◆ **EXERCISE BRIEF**
The records that follow are to be copied word for word. Pictures should be omitted.

◆ **SOURCE INFORMATION**

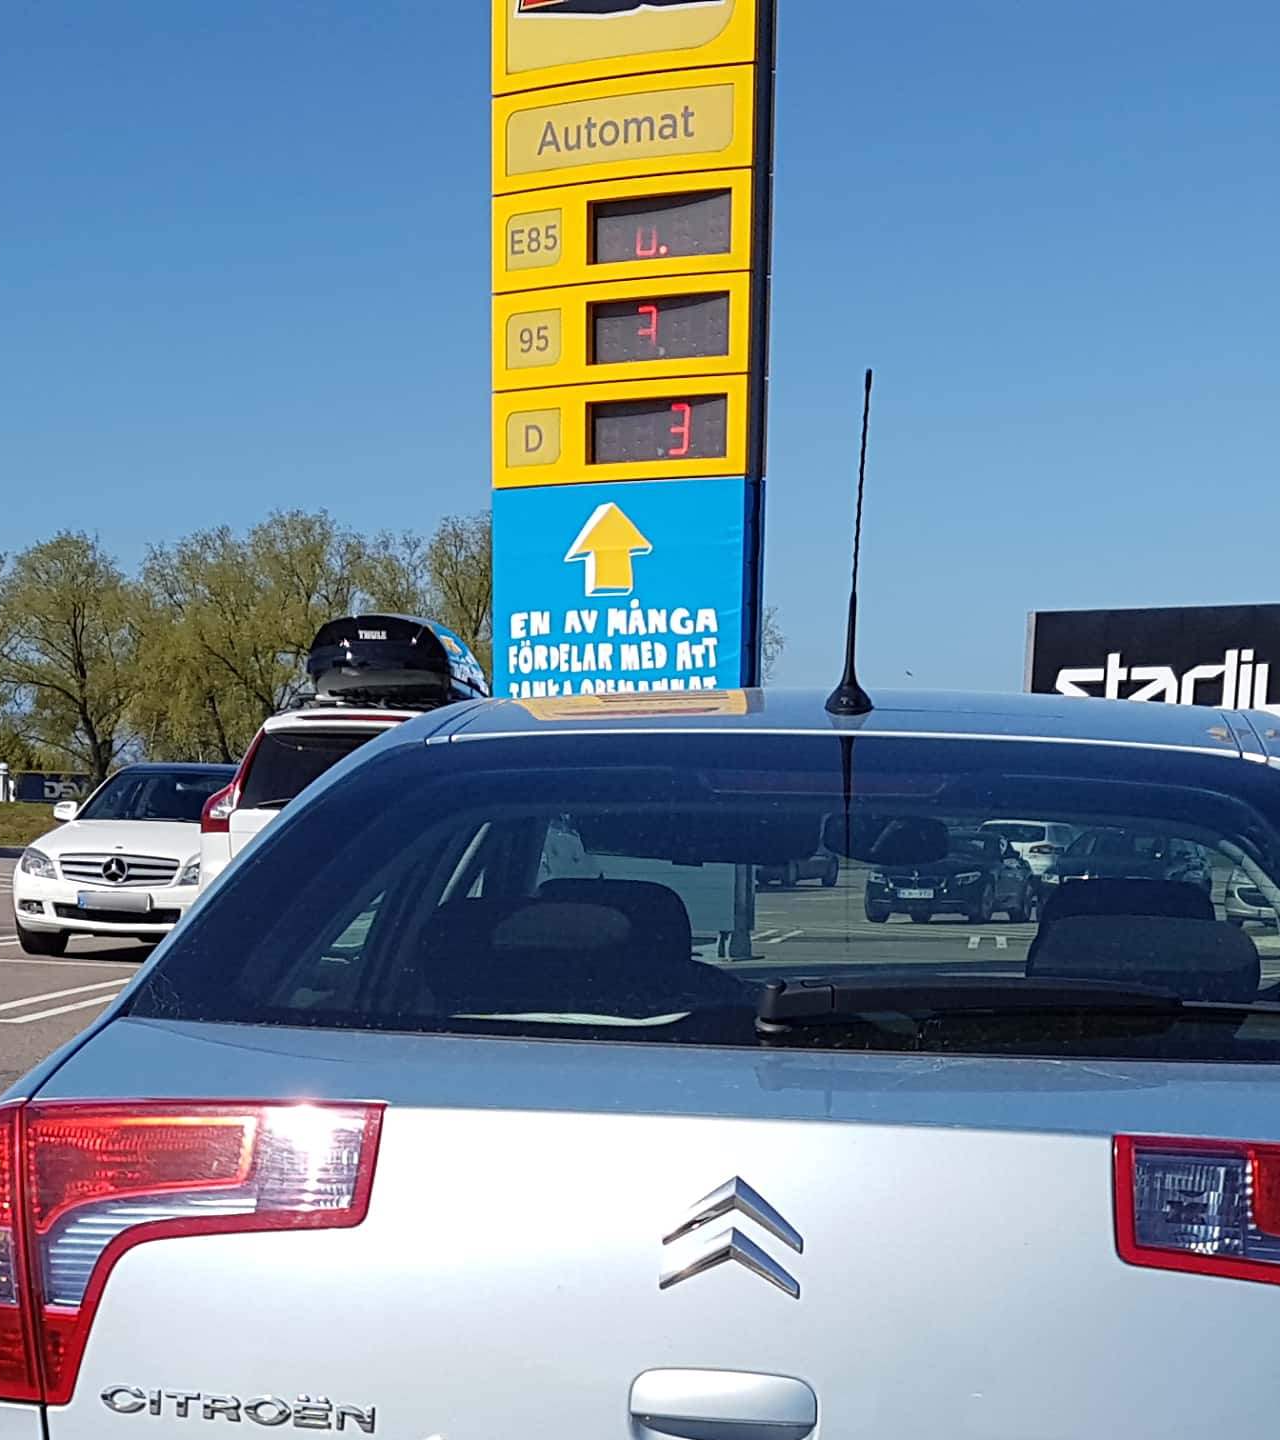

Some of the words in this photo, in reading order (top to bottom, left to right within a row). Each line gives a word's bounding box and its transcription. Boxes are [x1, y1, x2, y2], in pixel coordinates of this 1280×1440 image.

[537, 105, 695, 156] Automat
[510, 224, 558, 256] E85
[519, 325, 549, 353] 95
[524, 424, 543, 453] D
[669, 402, 691, 455] 3
[510, 610, 551, 639] EN
[564, 609, 598, 635] AV
[607, 598, 718, 637] MÅNGA
[508, 641, 613, 675] FÖRDELAR
[620, 640, 667, 672] MED
[676, 637, 718, 671] ATT
[100, 1383, 376, 1435] CITROËN
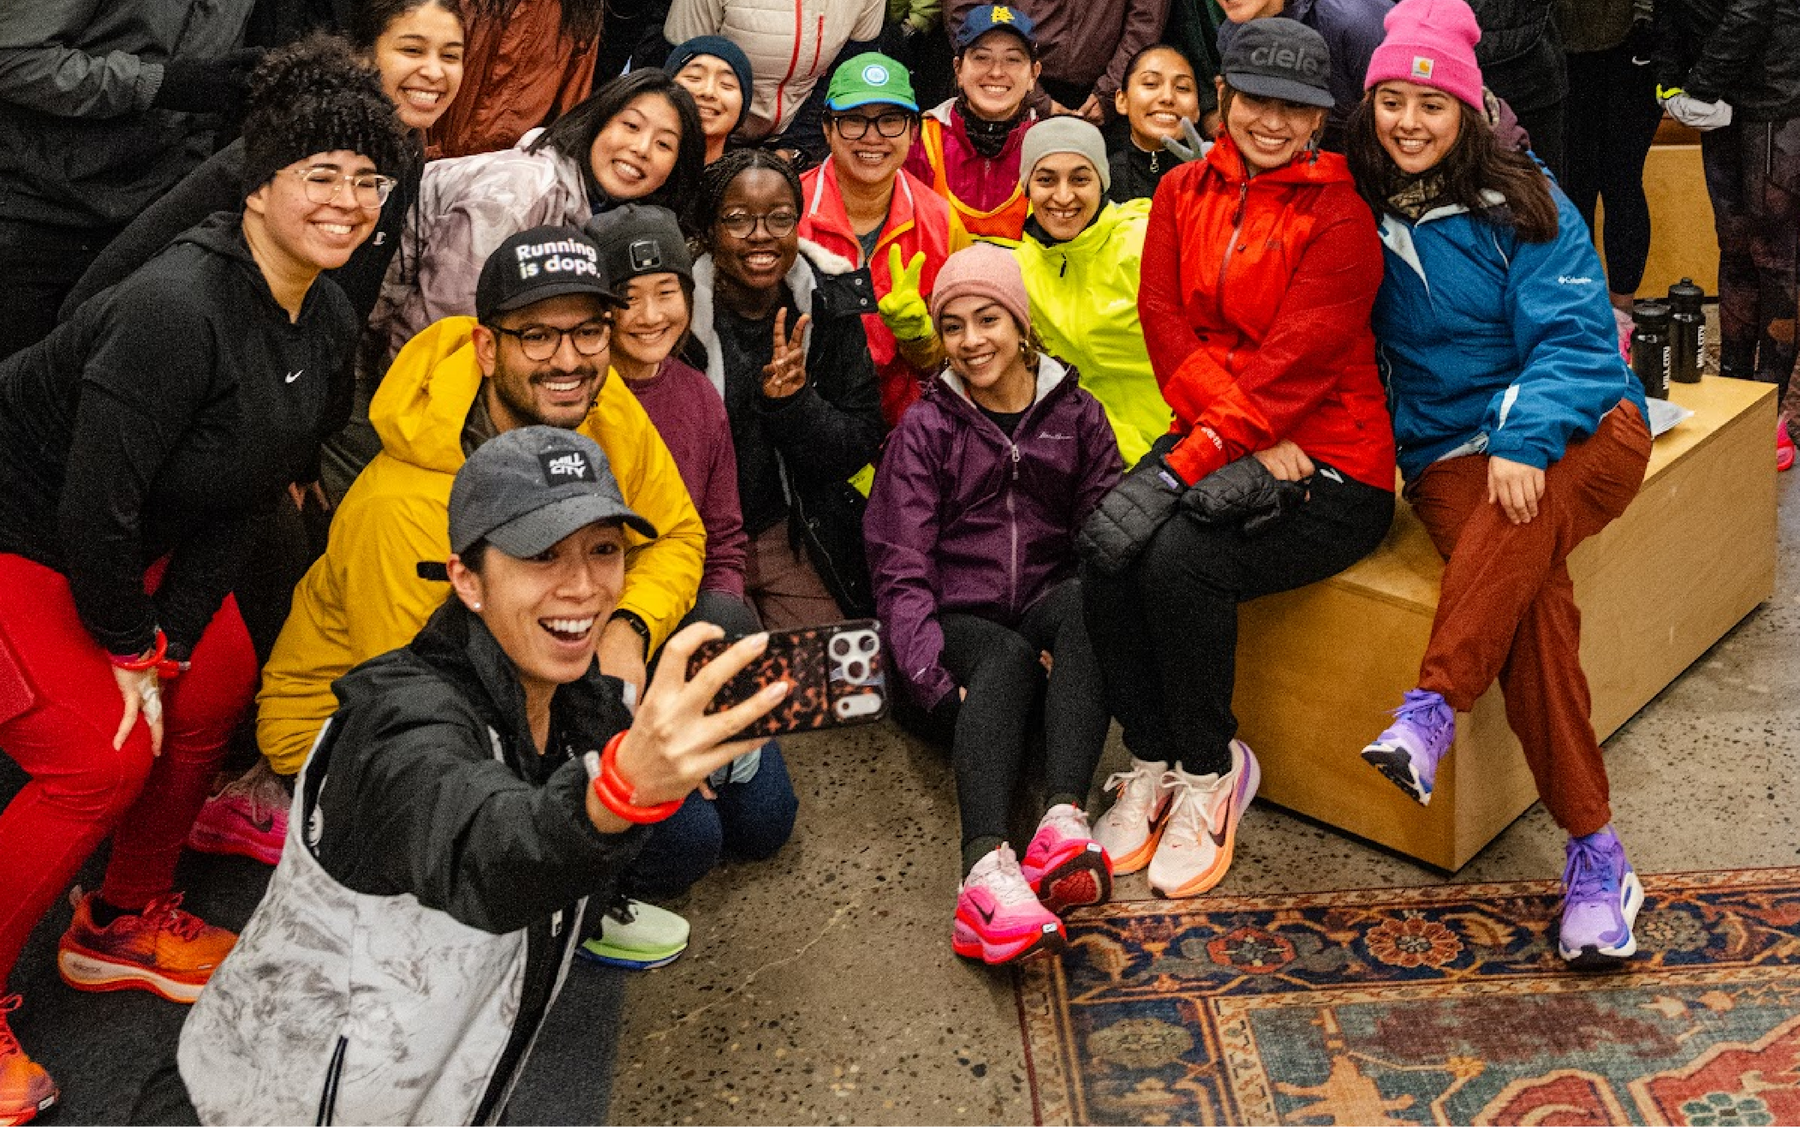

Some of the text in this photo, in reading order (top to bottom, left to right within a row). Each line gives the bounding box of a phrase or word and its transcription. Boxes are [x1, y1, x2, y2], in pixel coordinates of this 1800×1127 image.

[1250, 41, 1320, 73] ciele
[516, 238, 597, 263] Running
[519, 254, 601, 280] is dope.
[549, 452, 584, 468] MILL
[550, 462, 587, 478] CITY
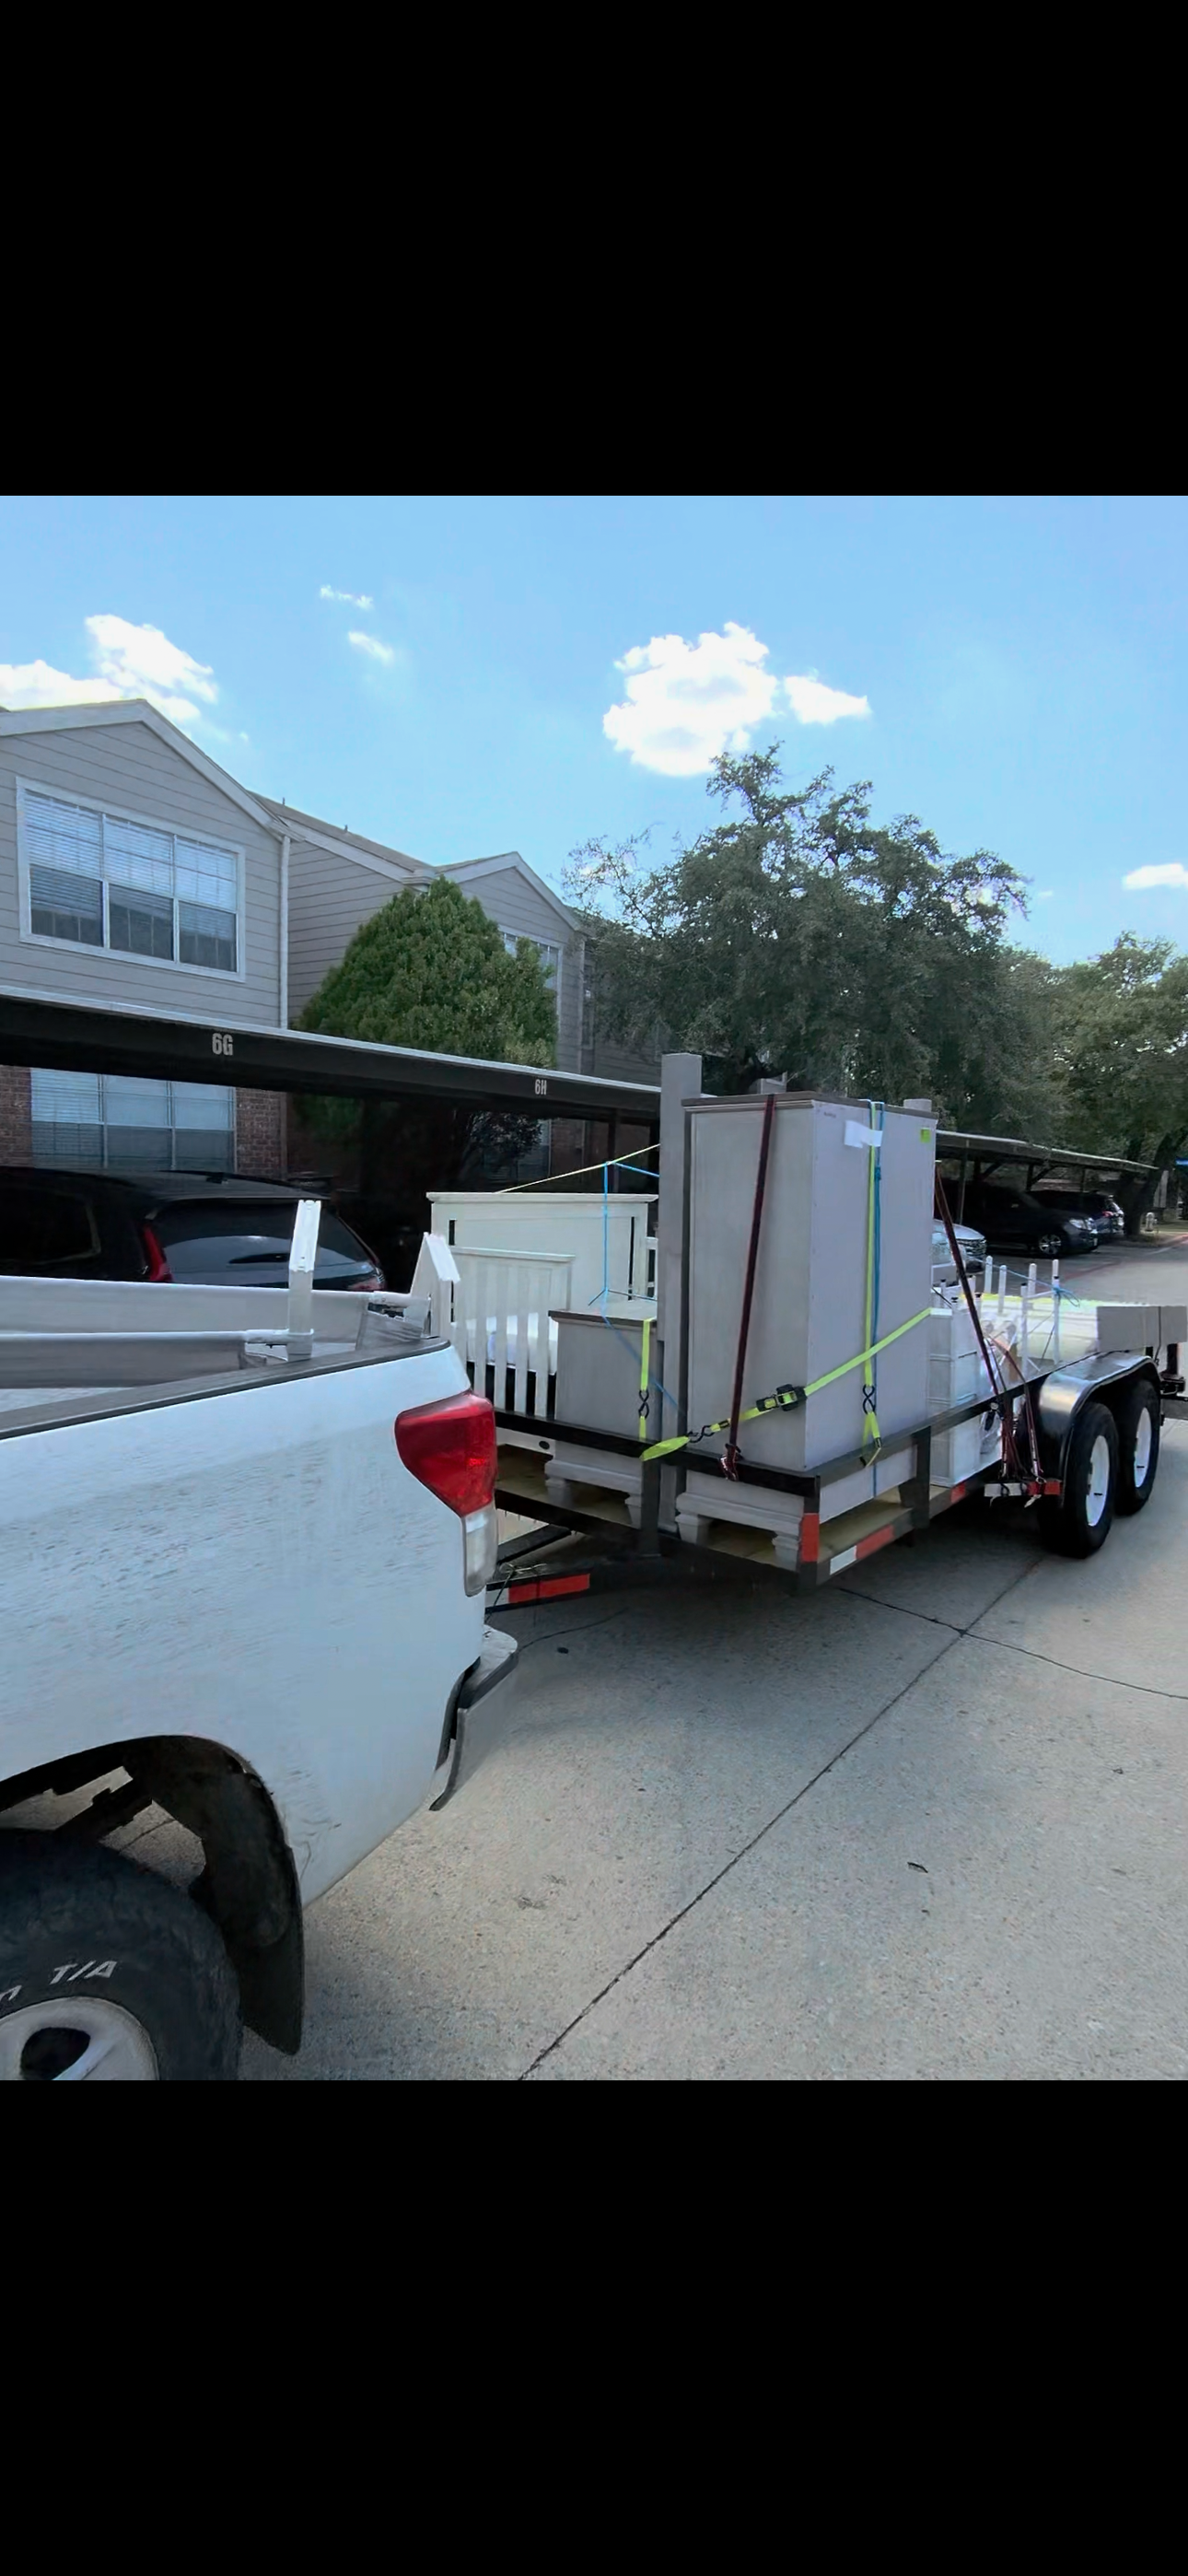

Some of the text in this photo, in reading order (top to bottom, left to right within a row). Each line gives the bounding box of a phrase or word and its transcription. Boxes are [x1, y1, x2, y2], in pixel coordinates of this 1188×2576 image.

[212, 1033, 234, 1056] 6G
[535, 1079, 547, 1095] 6H
[49, 1960, 118, 1985] T/A

◆ **ANSWER TO THIS EXERCISE**
Some of the words in this photo, in reading order (top to bottom, left to right within a row). Each line gives a word's bounding box and its transcription. Boxes are [x1, y1, x2, y2], in pixel coordinates of this 1280×1440 image.

[537, 105, 695, 156] Automat
[510, 224, 558, 256] E85
[519, 325, 549, 353] 95
[524, 424, 543, 453] D
[669, 402, 691, 455] 3
[510, 610, 551, 639] EN
[564, 609, 598, 635] AV
[607, 598, 718, 637] MÅNGA
[508, 641, 613, 675] FÖRDELAR
[620, 640, 667, 672] MED
[676, 637, 718, 671] ATT
[100, 1383, 376, 1435] CITROËN

Some of the text in this photo, in reading order (top to bottom, left to right within a row). Each line gives the bounding box of a phrase or word and its transcription. Boxes are [x1, y1, x2, y2], in pixel coordinates of this 1800×1127 image.

[1250, 41, 1320, 73] ciele
[516, 238, 597, 263] Running
[519, 254, 601, 280] is dope.
[549, 452, 584, 468] MILL
[550, 462, 587, 478] CITY

Some of the text in this photo, in reading order (top to bottom, left to right within a row). Each line gives the bounding box of a phrase or word and its transcription. Boxes are [x1, y1, x2, y2], in pixel coordinates of this 1188×2576 image.

[212, 1033, 234, 1056] 6G
[535, 1079, 547, 1095] 6H
[49, 1960, 118, 1985] T/A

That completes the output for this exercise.